What is required
Take every record and write it out again exactly, with no images included.

### Records supplied ###

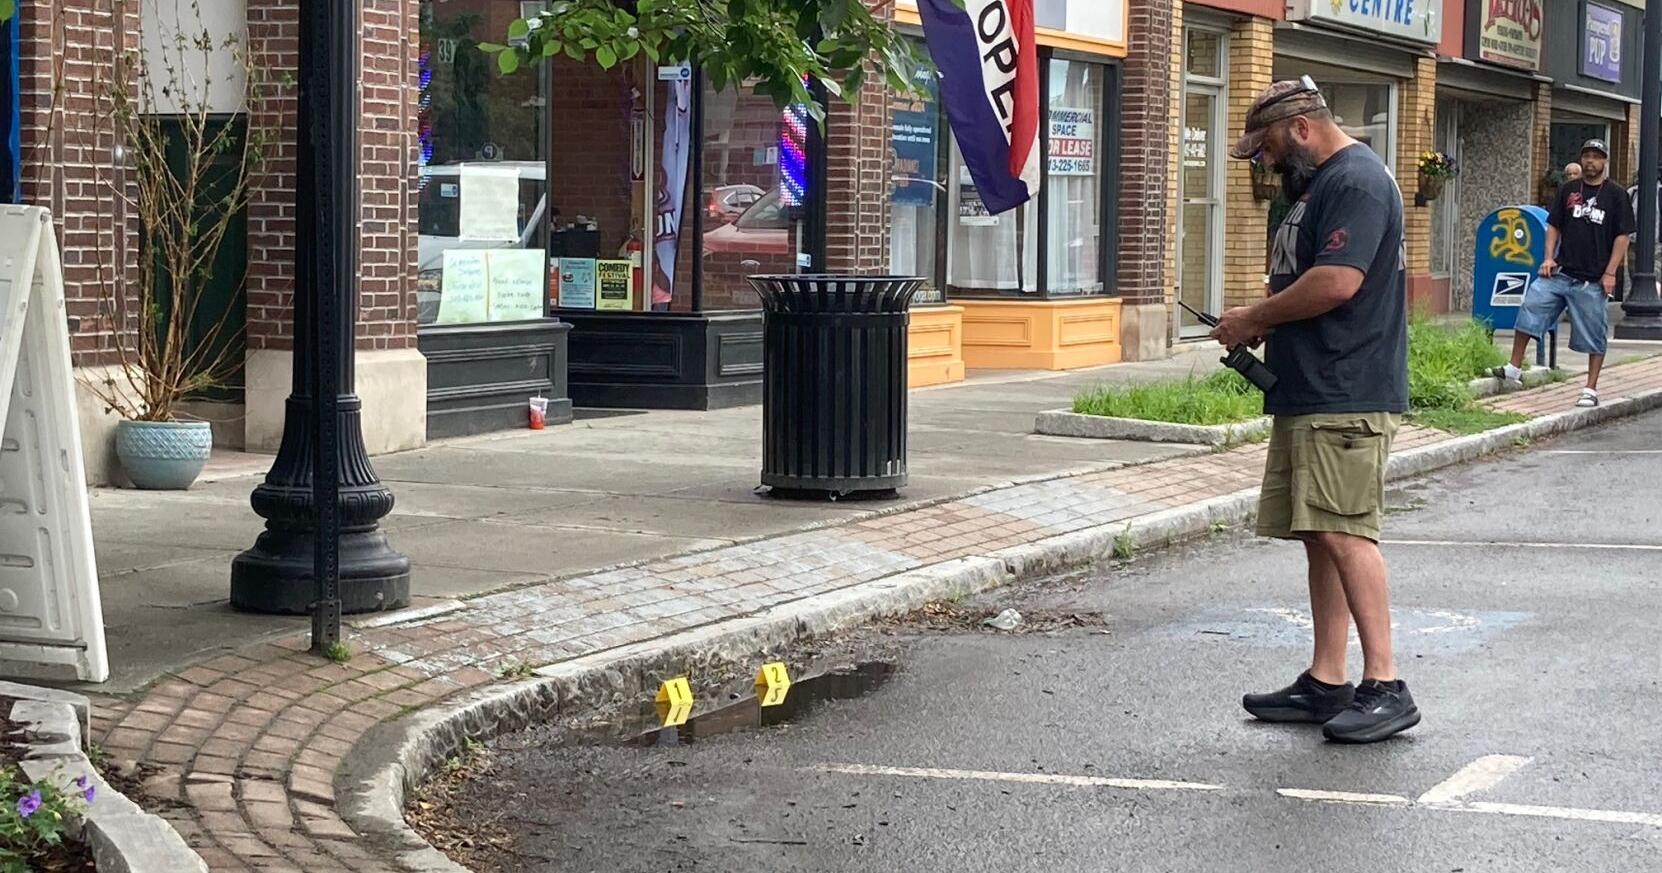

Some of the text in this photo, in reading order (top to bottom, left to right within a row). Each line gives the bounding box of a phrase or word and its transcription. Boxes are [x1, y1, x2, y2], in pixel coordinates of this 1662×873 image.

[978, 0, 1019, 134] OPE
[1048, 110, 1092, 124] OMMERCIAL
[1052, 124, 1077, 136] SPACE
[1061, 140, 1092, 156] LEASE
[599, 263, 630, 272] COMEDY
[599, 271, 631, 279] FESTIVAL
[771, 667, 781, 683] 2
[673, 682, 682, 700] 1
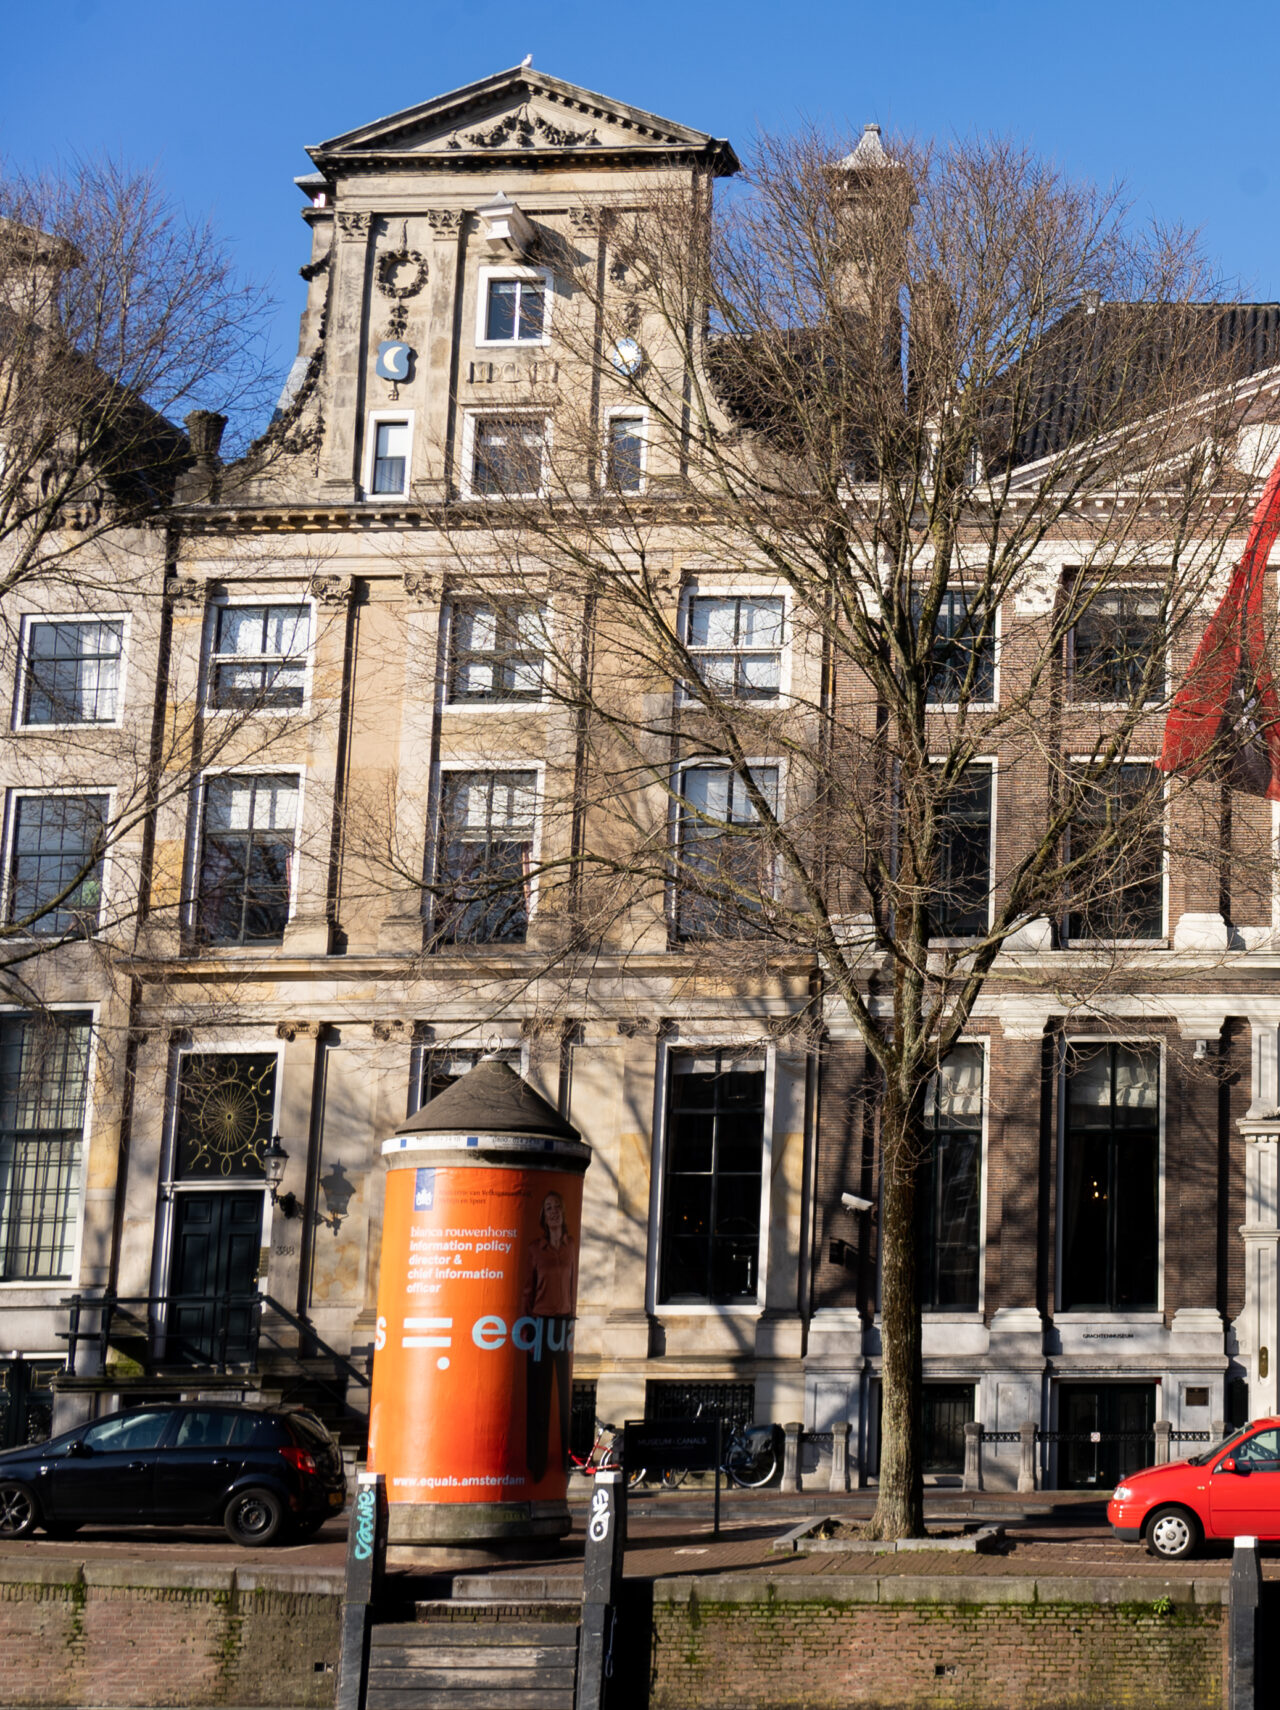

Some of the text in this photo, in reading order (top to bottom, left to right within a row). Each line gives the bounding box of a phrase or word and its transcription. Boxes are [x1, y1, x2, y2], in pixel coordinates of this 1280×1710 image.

###

Answer to the exercise
Some of the text in this photo, in reading order (top to bottom, left to right within a row). Each line gives the bounding box of a phrase or word and its transcription. Boxes are [x1, y1, x2, y2], in pixel coordinates of this 1662×873 image.

[978, 0, 1019, 134] OPE
[1048, 110, 1092, 124] OMMERCIAL
[1052, 124, 1077, 136] SPACE
[1061, 140, 1092, 156] LEASE
[599, 263, 630, 272] COMEDY
[599, 271, 631, 279] FESTIVAL
[771, 667, 781, 683] 2
[673, 682, 682, 700] 1

Some of the text in this photo, in reading order (top to bottom, left to right within a row). Each line gives the bounding box of a phrase or word and its transcription. Boxes are [x1, y1, x2, y2], in pixel coordinates of this 1280×1710 image.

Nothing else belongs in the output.